Hello! Tried this new feature and looks amazing, thank you !

Coming to your points:

  1. I think params values should not be accessible but on the other side I'd second the idea of defining those needed params values at import time and for the current session. Without it, libraries re-usability will be hampered imo.

  2. I think the ideal would be to have something like

 index(transcriptome_file)
     .quant(read_pairs_ch, task: [cpus: 4, memory: '8 GB'])

where the task specific parameters can be defined at execution time, similarly to what could be done with params.

  1. Yes, absolutely.

  2. One process per library will definitely lead to a jungle of files to be imported/managed either locally or from a remote repository. I see the point of re-usability but it will make much more sense for the end-users to have a library which is scope specific (i.e. QC, or Salmon or even Chip-Seq or Metagenomics) and then import and combine single processes at run-time using namespaces.

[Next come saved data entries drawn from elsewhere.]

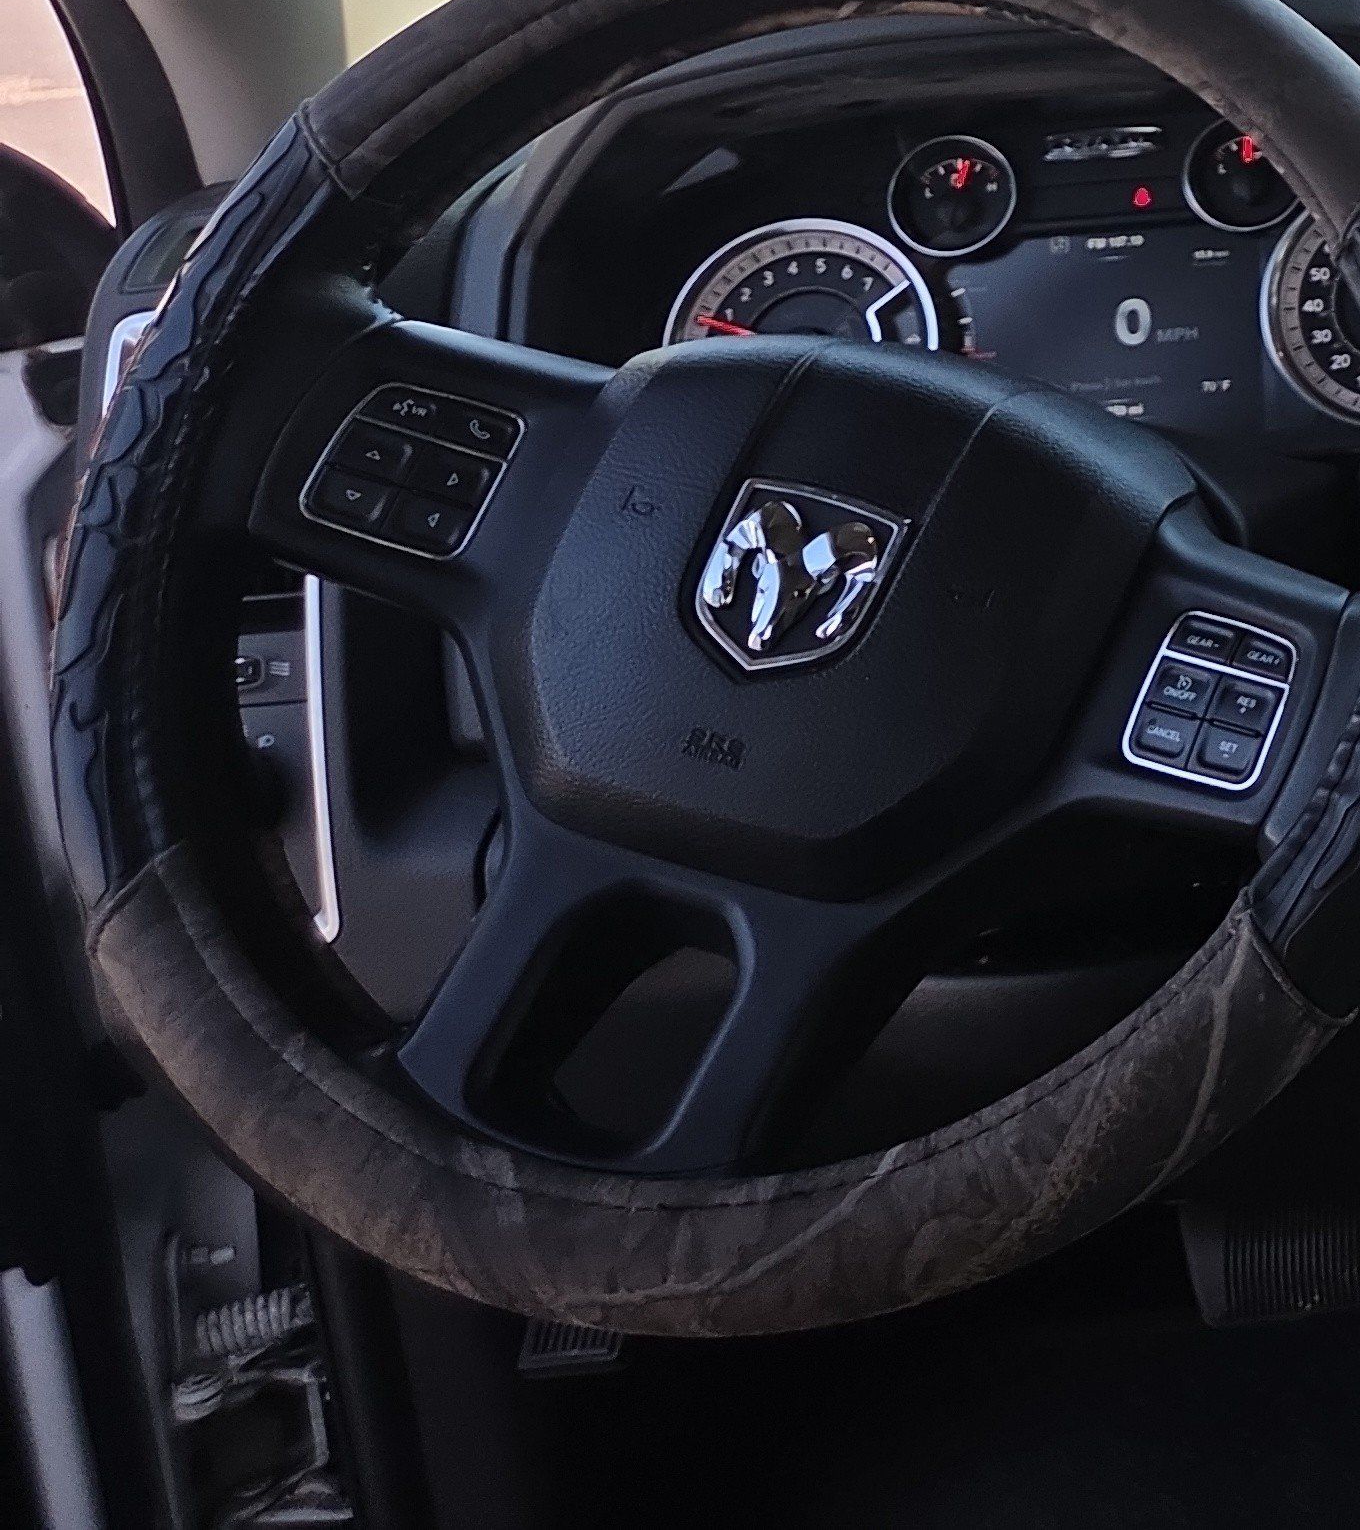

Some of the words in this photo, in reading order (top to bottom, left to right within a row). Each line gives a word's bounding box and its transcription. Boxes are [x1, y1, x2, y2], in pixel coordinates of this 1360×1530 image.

[786, 260, 800, 276] 4
[814, 257, 828, 274] 5
[841, 264, 854, 280] 6
[762, 270, 775, 288] 3
[1308, 267, 1331, 282] 50
[863, 276, 875, 292] 7
[740, 287, 753, 304] 2
[1302, 298, 1325, 313] 40
[1115, 297, 1152, 346] 0
[1310, 329, 1333, 343] 30
[1330, 353, 1351, 369] 20
[1146, 724, 1181, 742] CANCEL
[1218, 740, 1238, 754] SET
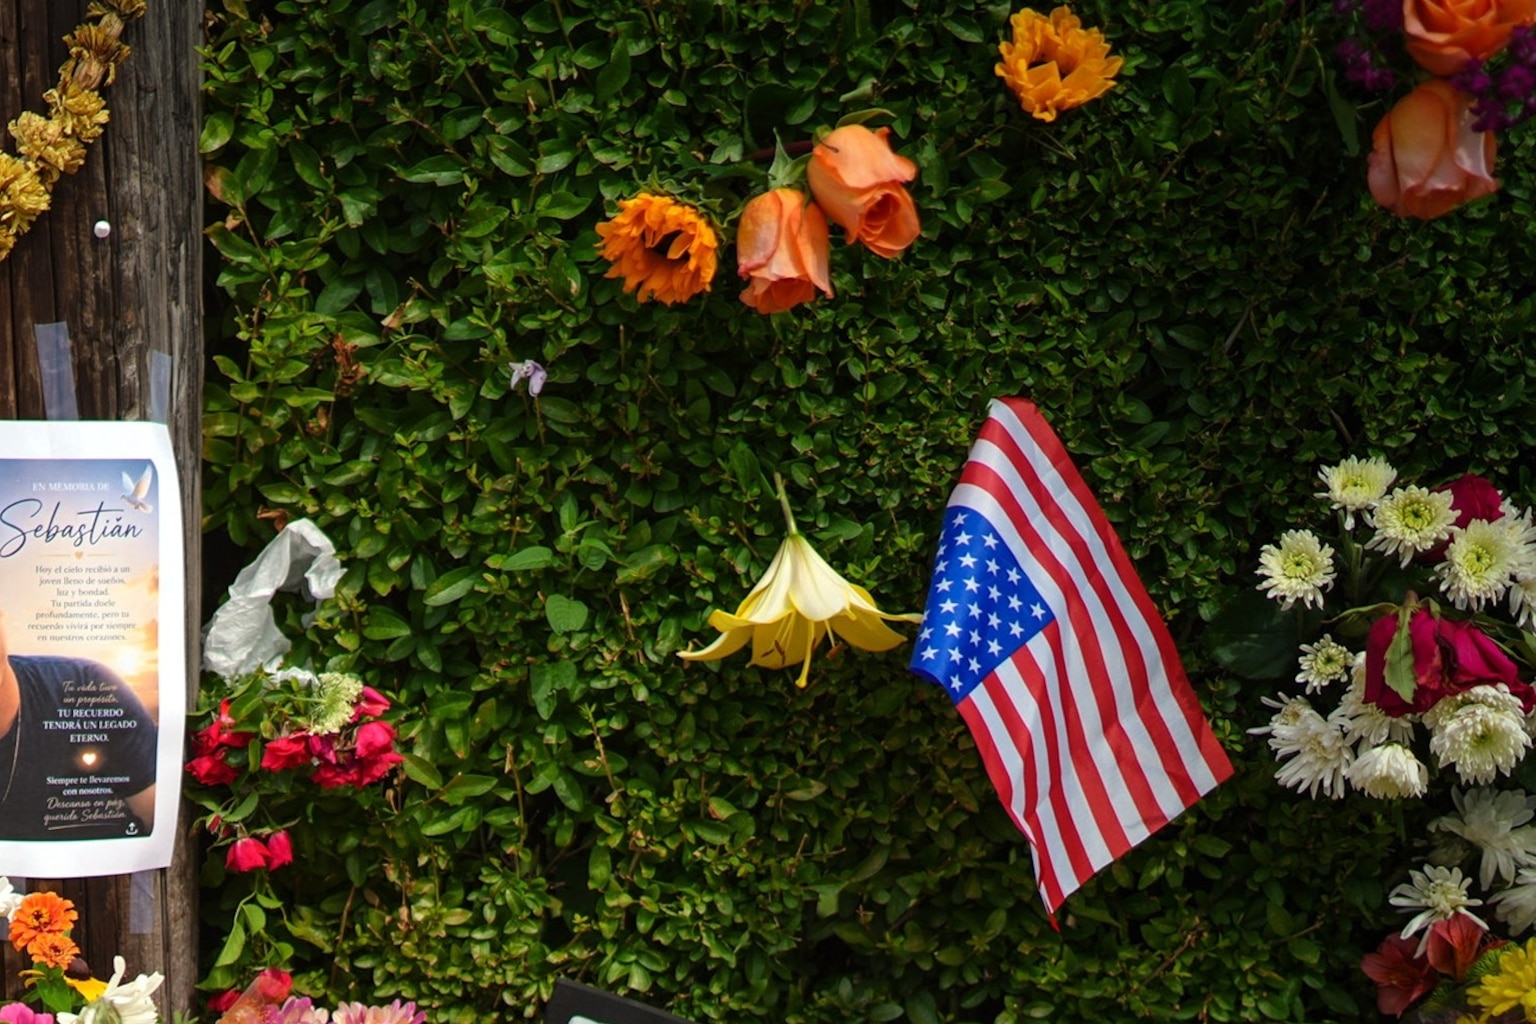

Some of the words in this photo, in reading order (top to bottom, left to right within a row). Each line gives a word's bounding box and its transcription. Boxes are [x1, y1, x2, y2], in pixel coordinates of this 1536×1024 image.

[32, 482, 46, 492] EN
[48, 482, 95, 492] MEMORIA
[97, 482, 110, 492] DE
[0, 499, 143, 558] Sebastián
[35, 566, 52, 575] Hoy
[85, 565, 111, 573] recibió
[39, 578, 61, 587] joven
[64, 577, 84, 585] lleno
[63, 600, 92, 609] partida
[94, 599, 116, 607] duele
[102, 612, 119, 620] pero
[28, 622, 64, 630] recuerdo
[90, 623, 104, 631] por
[106, 622, 136, 631] siempre
[62, 680, 73, 692] Tu
[57, 709, 71, 718] TU
[72, 708, 124, 718] RECUERDO
[43, 719, 82, 730] TENDRÁ
[84, 721, 97, 729] UN
[99, 720, 137, 729] LEGADO
[70, 734, 109, 743] ETERNO.
[46, 776, 78, 786] Siempre
[80, 776, 88, 784] te
[89, 775, 130, 784] llevaremos
[79, 787, 114, 795] nosotros.

  3. That could be interesting, but I will only allow few "trusted" repositories to pull from, where code is checked and verified. It could be on GitHub or under nf-core and Nextflow URLs.

  4. Only on the library itself, and versioning should be linked to a repository in my opinion. It should be something like Conda for instance, so no version specified means take the most recent version. If thinking about a Git repository, then libraries versions could be the tags (I find commit hashes cumbersome to use, but maybe it's just me).

  5. I would not enforce unit testing here but hopefully, as already stated, this new feature will provide a much simpler common ground to implement testing for both libraries and pipelines using one of the many testing libraries available in Java or Groovy.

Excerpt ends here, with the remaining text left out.